RECORDS FOR THE TASK section start

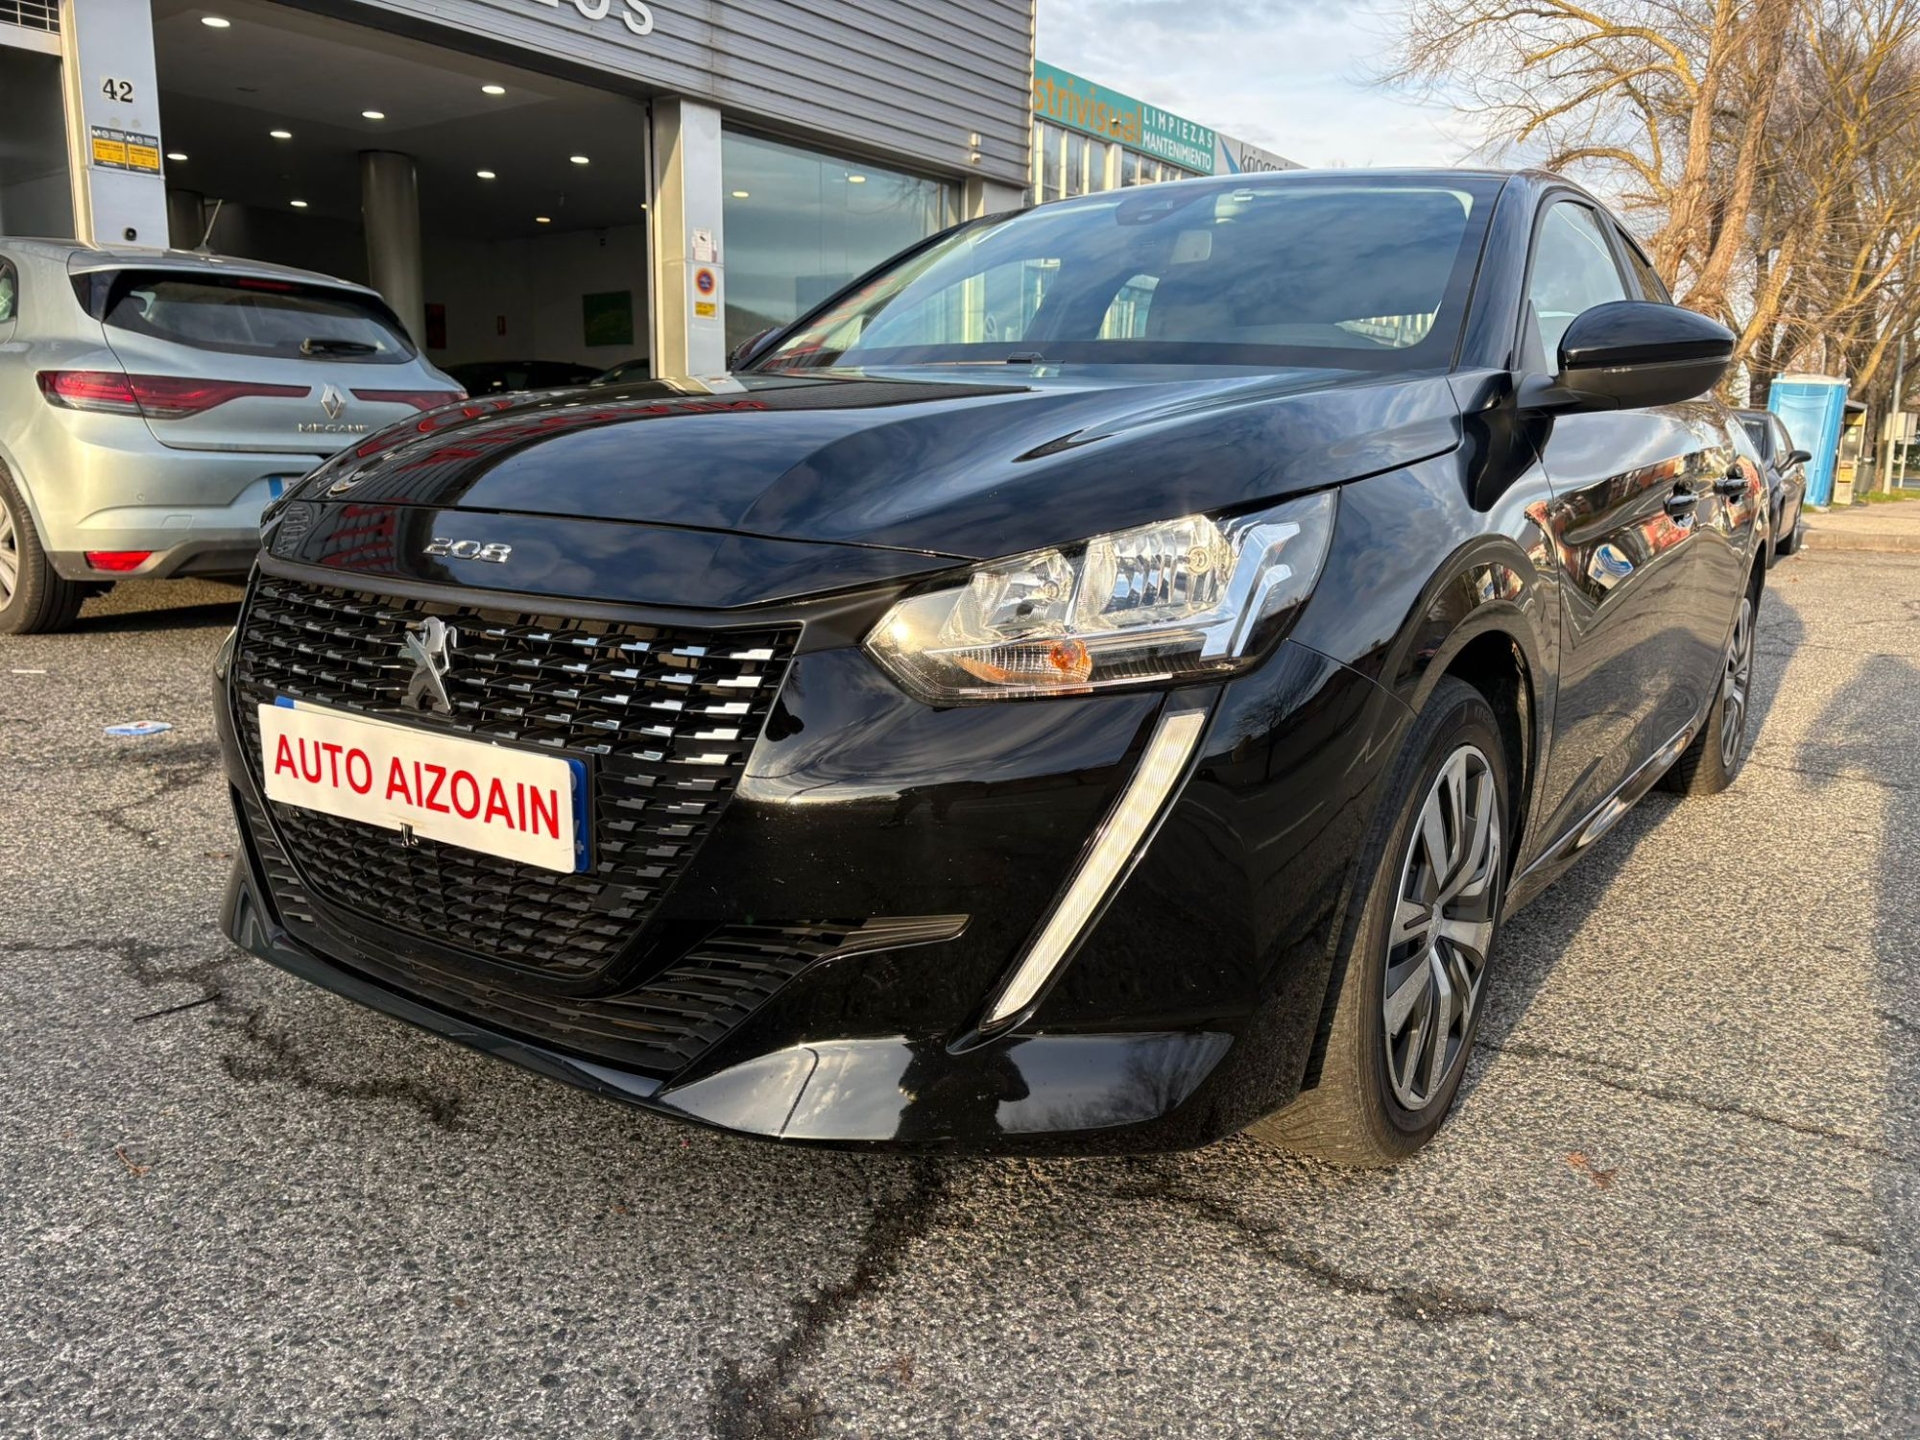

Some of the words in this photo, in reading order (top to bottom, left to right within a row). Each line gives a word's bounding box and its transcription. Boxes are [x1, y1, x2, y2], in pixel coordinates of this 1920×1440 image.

[102, 78, 133, 103] 42
[1034, 76, 1142, 145] strivisual
[1143, 106, 1213, 149] LIMPIEZAS
[1142, 130, 1212, 171] MANTENIMIENTO
[298, 423, 369, 434] MEGANE
[422, 537, 512, 563] 208
[274, 733, 373, 795] AUTO
[385, 756, 560, 840] AIZOAIN
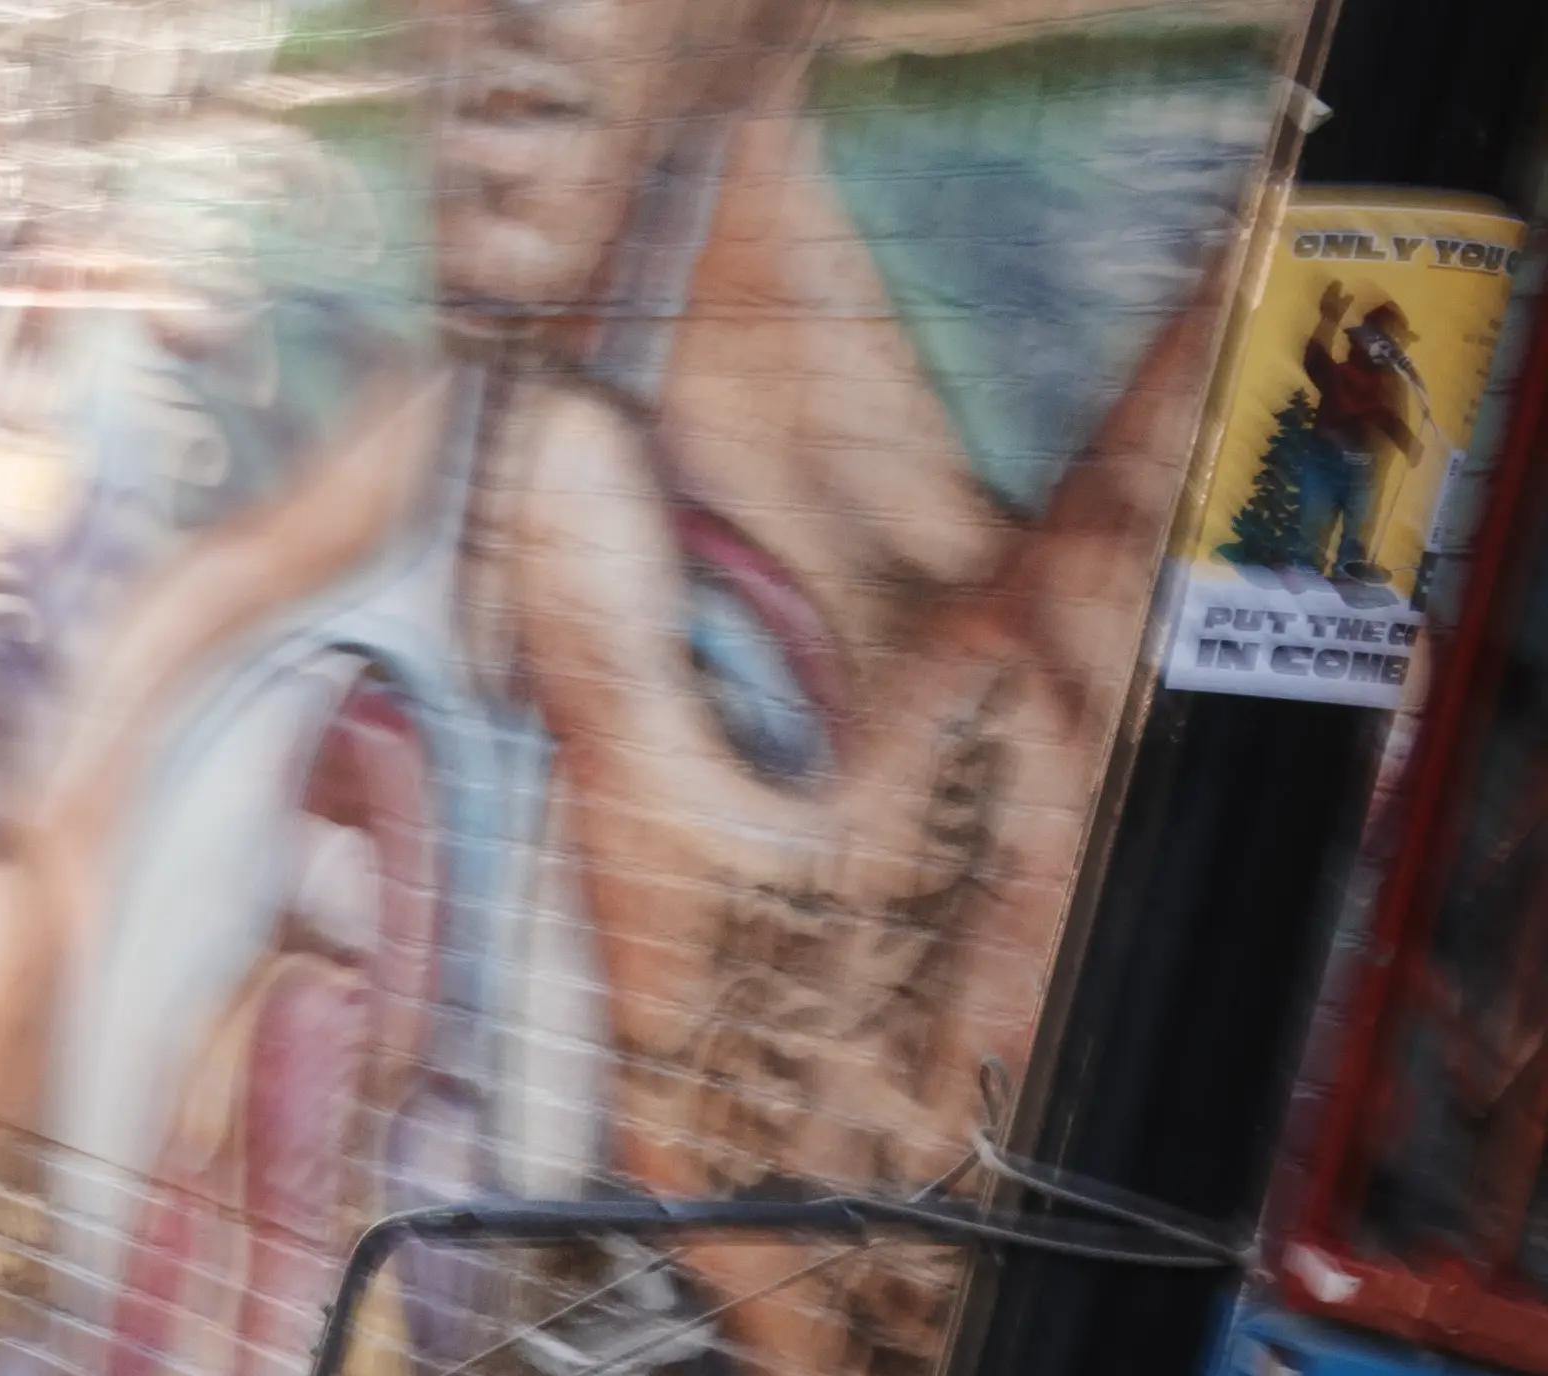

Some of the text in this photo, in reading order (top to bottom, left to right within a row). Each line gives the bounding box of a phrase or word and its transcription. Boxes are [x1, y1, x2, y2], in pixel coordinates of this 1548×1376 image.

[1294, 232, 1426, 263] ONLY
[1434, 239, 1507, 272] YOU
[1204, 606, 1298, 634] PUT
[1307, 614, 1387, 644] THE
[1195, 637, 1261, 671] IN

RECORDS FOR THE TASK section end

▸ **WHAT THE EXERCISE ASKS**
Reproduce each entry above word for word. Pictures are not part of the copy.

▸ **EXERCISE OUTPUT**
Some of the words in this photo, in reading order (top to bottom, left to right within a row). Each line gives a word's bounding box and its transcription. Boxes are [x1, y1, x2, y2], in pixel coordinates of this 1920×1440 image.

[102, 78, 133, 103] 42
[1034, 76, 1142, 145] strivisual
[1143, 106, 1213, 149] LIMPIEZAS
[1142, 130, 1212, 171] MANTENIMIENTO
[298, 423, 369, 434] MEGANE
[422, 537, 512, 563] 208
[274, 733, 373, 795] AUTO
[385, 756, 560, 840] AIZOAIN

Some of the text in this photo, in reading order (top to bottom, left to right within a row). Each line gives the bounding box of a phrase or word and its transcription. Boxes are [x1, y1, x2, y2], in pixel coordinates of this 1548×1376 image.

[1294, 232, 1426, 263] ONLY
[1434, 239, 1507, 272] YOU
[1204, 606, 1298, 634] PUT
[1307, 614, 1387, 644] THE
[1195, 637, 1261, 671] IN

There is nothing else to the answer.